Dans son rapport déposé en décembre dernier, la Commission spéciale sur l’évolution de la Loi concernant les soins de fin de vie ne recommandait pas d’élargir l’AMM aux personnes qui ont comme seul problème médical invoqué un trouble mental. Le projet de loi suit expressément cette recommandation en spécifiant leur inadmissibilité.
Ça nous semblait vraiment précipité de faire ça. Je pense qu’il faut prendre le temps. C’est une question extrêmement délicate, avait affirmé Sonia Bélanger, la ministre déléguée à la Santé et aux Aînés. L’idée n’est pas de retirer un droit. […] Rien n’empêche de faire la discussion, avait-elle ajouté lors du dépôt du projet de loi, sans pour autant s’engager dans un échéancier précis.

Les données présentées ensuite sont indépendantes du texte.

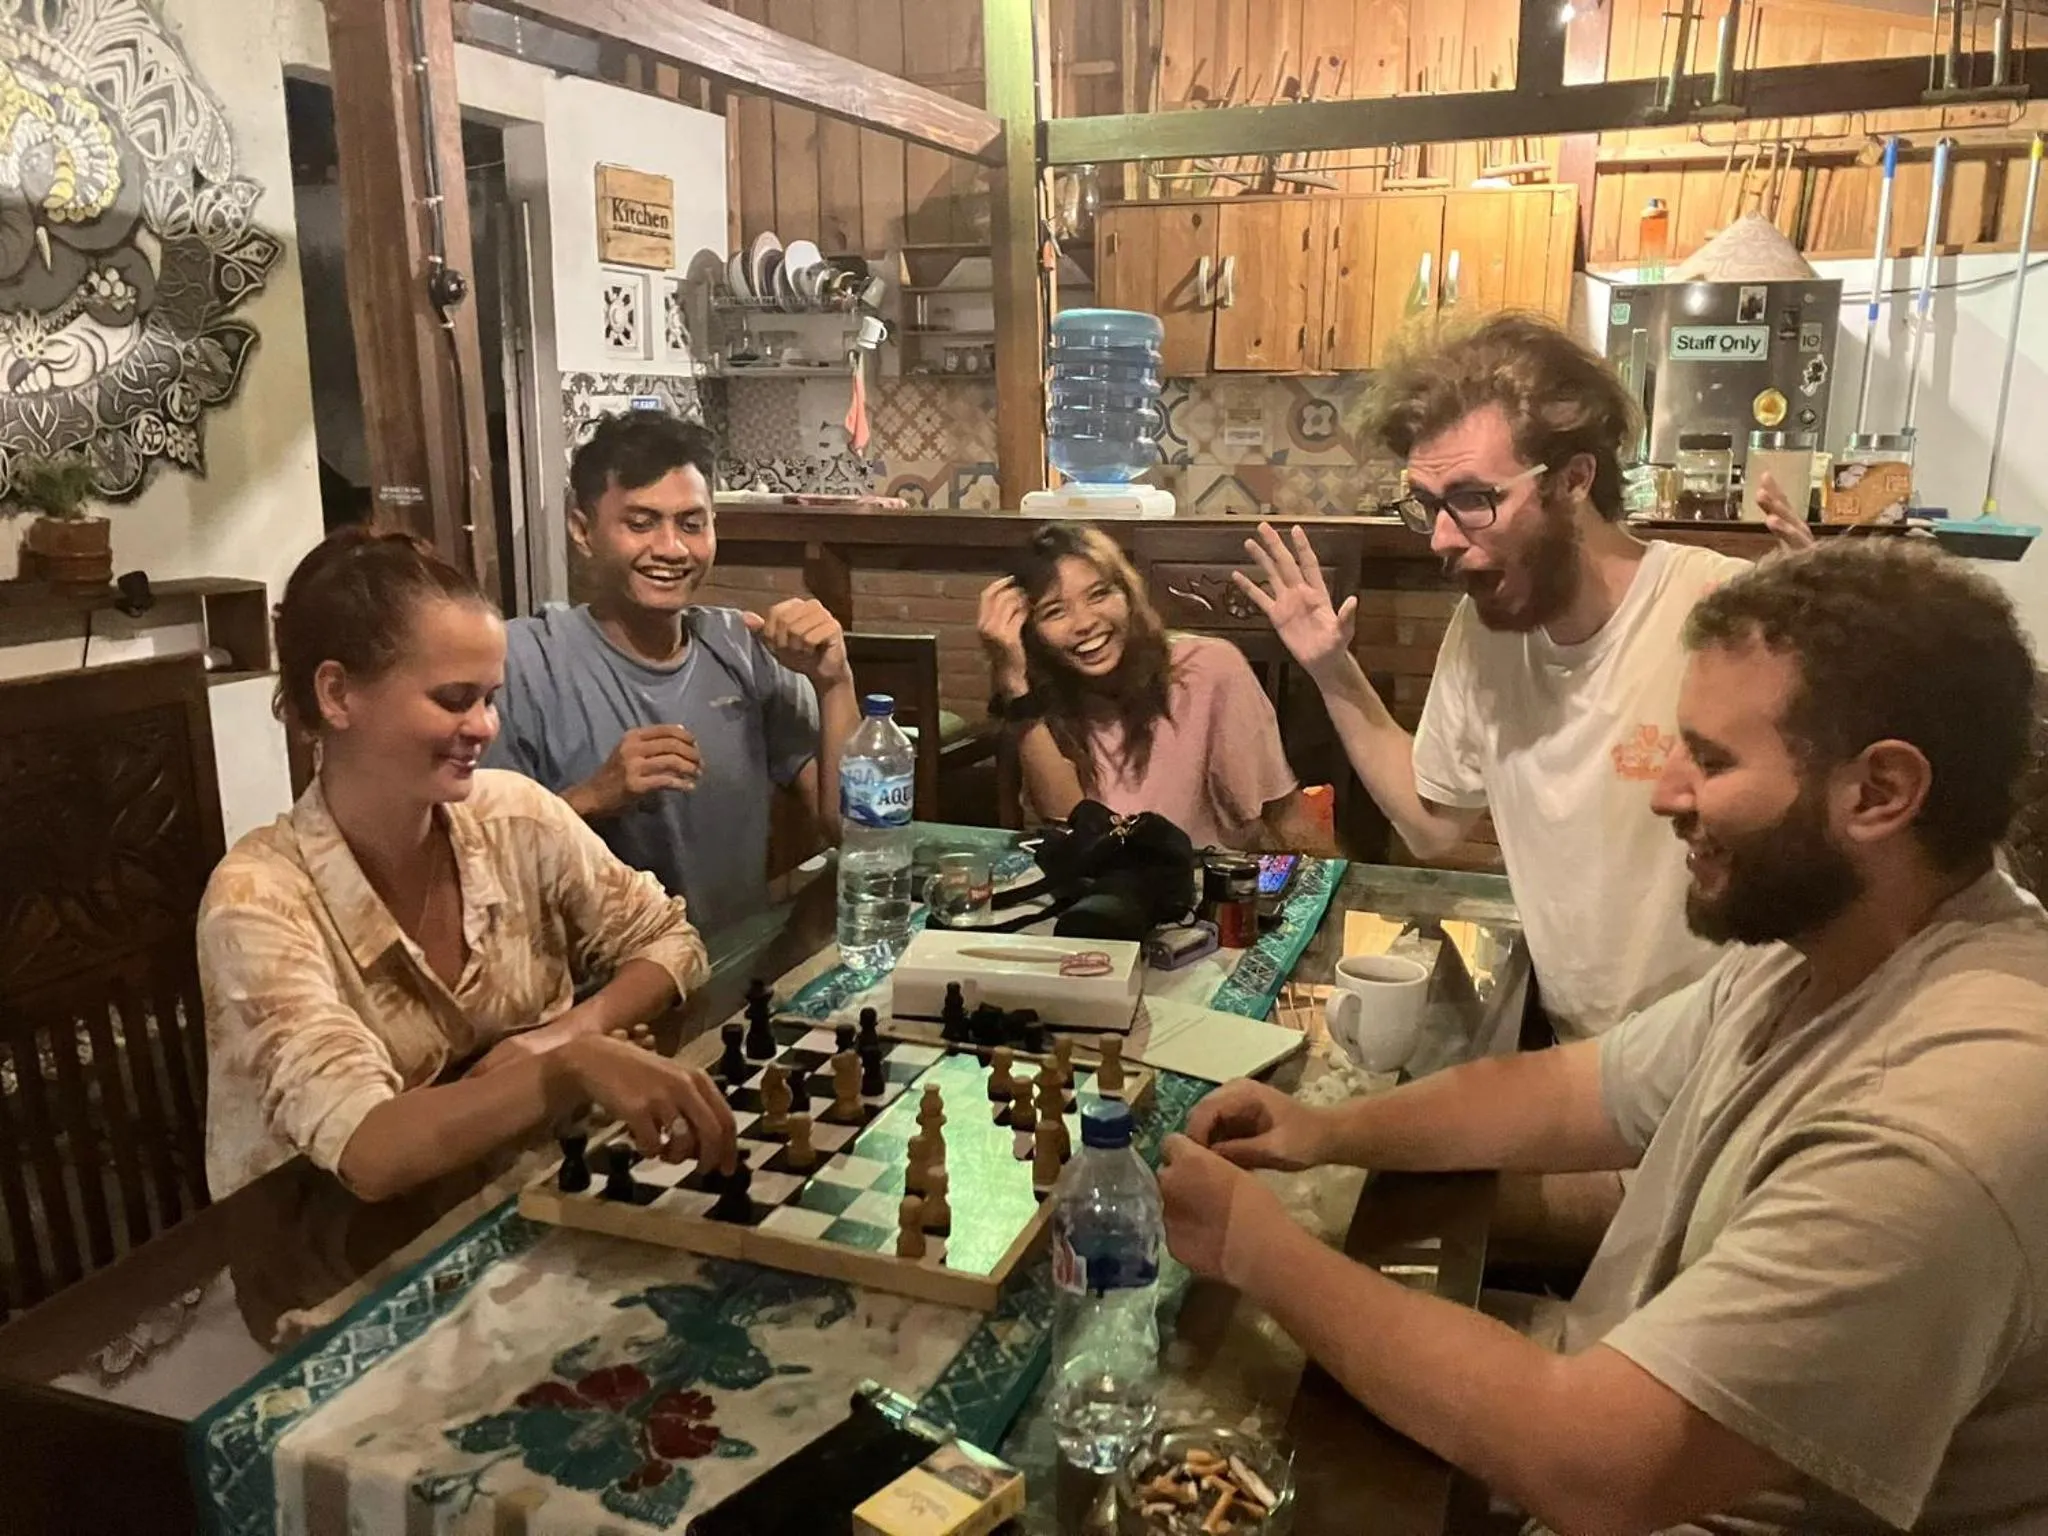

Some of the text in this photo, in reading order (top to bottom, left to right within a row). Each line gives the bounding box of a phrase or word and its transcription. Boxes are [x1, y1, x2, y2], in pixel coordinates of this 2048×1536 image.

[612, 197, 669, 230] Kitchen
[1677, 335, 1762, 354] Staff Only

Rappelons que dans le Code criminel, cette exclusion devait être levée initialement le 17 mars 2023. Elle a été repoussée d’un an, afin de permettre au gouvernement fédéral de donner suite aux recommandations d’un groupe d’experts et de s’assurer que l’évaluation et la prestation de ce soin seront sécuritaires et balisées.
« Avec la formulation actuelle du projet de loi, excluant les troubles mentaux sans aucune échéance contrairement au Code criminel, il pourrait survenir à très court terme, pour les médecins et les patients Québécois, une situation de porte-à-faux avec la coexistence de deux régimes juridiques non harmonisés encadrant l’AMM. Nous voyons cette exclusion comme stigmatisante […] et [elle] perpétue les préjugés que les personnes avec une maladie mentale ne sont pas aptes à prendre des décisions et doivent être protégées contre elles-mêmes […] cela équivaut à abandonner et à condamner ces personnes très souffrantes qui n’en peuvent plus. »

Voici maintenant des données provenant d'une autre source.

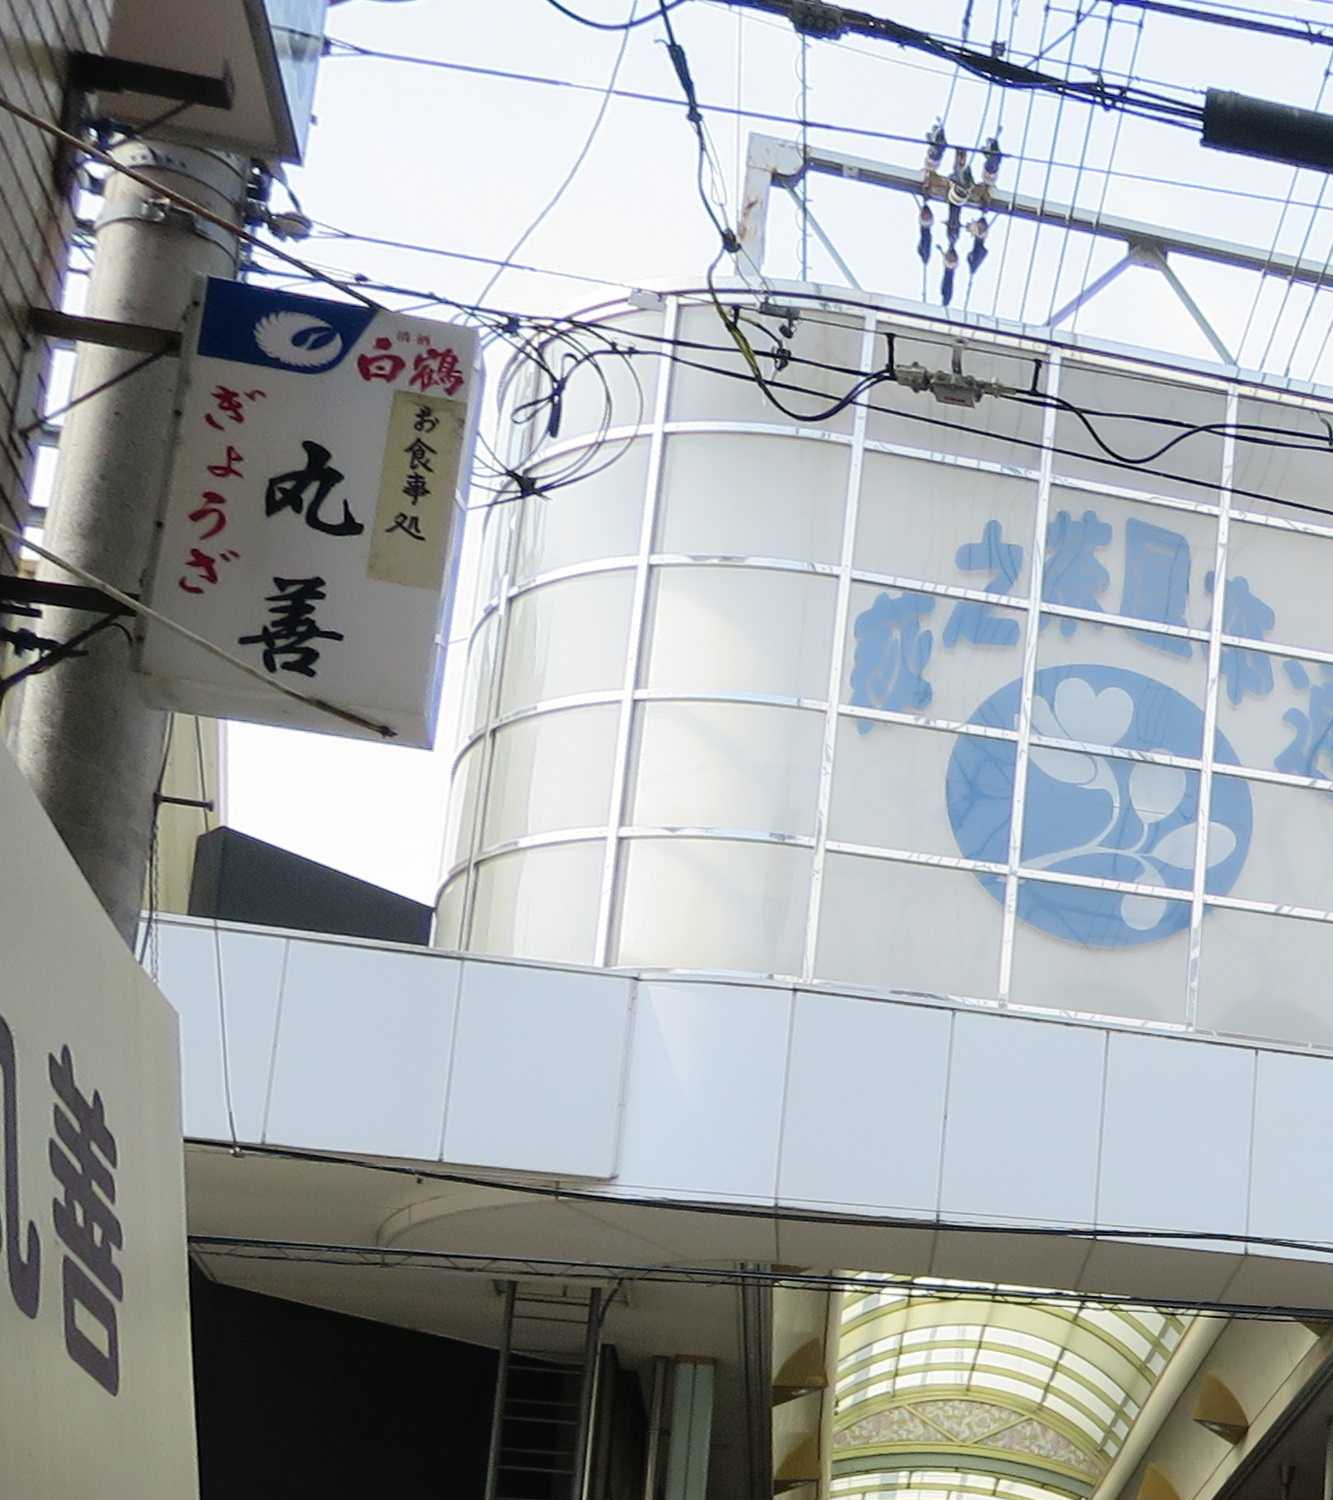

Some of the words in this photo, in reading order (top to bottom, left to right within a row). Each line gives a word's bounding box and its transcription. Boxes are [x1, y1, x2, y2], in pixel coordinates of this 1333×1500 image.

[356, 336, 465, 397] 白鶴
[179, 385, 267, 595] ぎょうざ
[238, 440, 365, 678] 丸善
[384, 404, 441, 542] お食事処

— Une citation de Collège des médecins du Québec
Nous allons continuer à argumenter pour que la maladie mentale fasse également partie de tous ces malades lourdement handicapés. Il y en a pour qui les traitements pendant des années n’ont pas été efficaces et qui se retrouvent dans des situations tout aussi déplorables que les patients lourdement handicapés physiquement, ajoute le Dr Mauril Gaudreault.
La deuxième recommandation du Collège se veut donc une requête : accélérer la réflexion sur l’admissibilité à l’AMM des personnes souffrant d’un trouble mental, à temps pour mars 2024 afin d’assurer une cohérence entre les lois fédérale et provinciale.

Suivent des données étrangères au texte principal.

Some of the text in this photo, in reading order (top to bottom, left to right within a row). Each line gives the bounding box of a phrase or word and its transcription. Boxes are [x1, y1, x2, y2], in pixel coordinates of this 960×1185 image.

Les demandes anticipées inapplicables
Le Collège des médecins considère que les nouvelles dispositions autorisant une demande anticipée constituent un gain important. Cela permettrait, par exemple, à une personne ayant reçu un diagnostic de maladie grave et incurable menant à l’inaptitude, comme l’alzheimer, de formuler une demande avant que son état ne se détériore.
Le Québec serait un précurseur puisqu’il n’est pas possible actuellement au Canada de formuler pareille demande étant donné que ce n’est pas encore prévu dans le Code criminel. Un comité du Sénat et de la Chambre des communes a recommandé que la modification soit apportée, mais on ne sait pas encore si le gouvernement y donnera suite.
Pour cette raison, le Collège estime qu’une demande anticipée serait inapplicable. Par contre, en légiférant tout de suite sur cette question, les personnes pourraient avoir rapidement accès à cette option lorsque le Code criminel autorisera les demandes anticipées d’AMM.
Virage pour les soins de fin de vie à domicile
Le Collège des médecins salue toutefois l’autorisation accordée aux infirmières praticiennes spécialisées (IPS) d’évaluer et d’administrer l’aide médicale à mourir, comme c’est déjà le cas au pays. Il se dit aussi favorable à l’obligation pour toutes les maisons de soins palliatifs d’offrir dorénavant ce soin, comme le prévoit le projet de loi.
Dans son ensemble, il constitue une nette avancée qui reflète très bien l’acceptabilité sociale. Le Collège profitera de sa tribune devant les parlementaires pour réitérer sa volonté de faire le virage pour bonifier les soins de fin de vie à domicile, y compris l’aide médicale à mourir.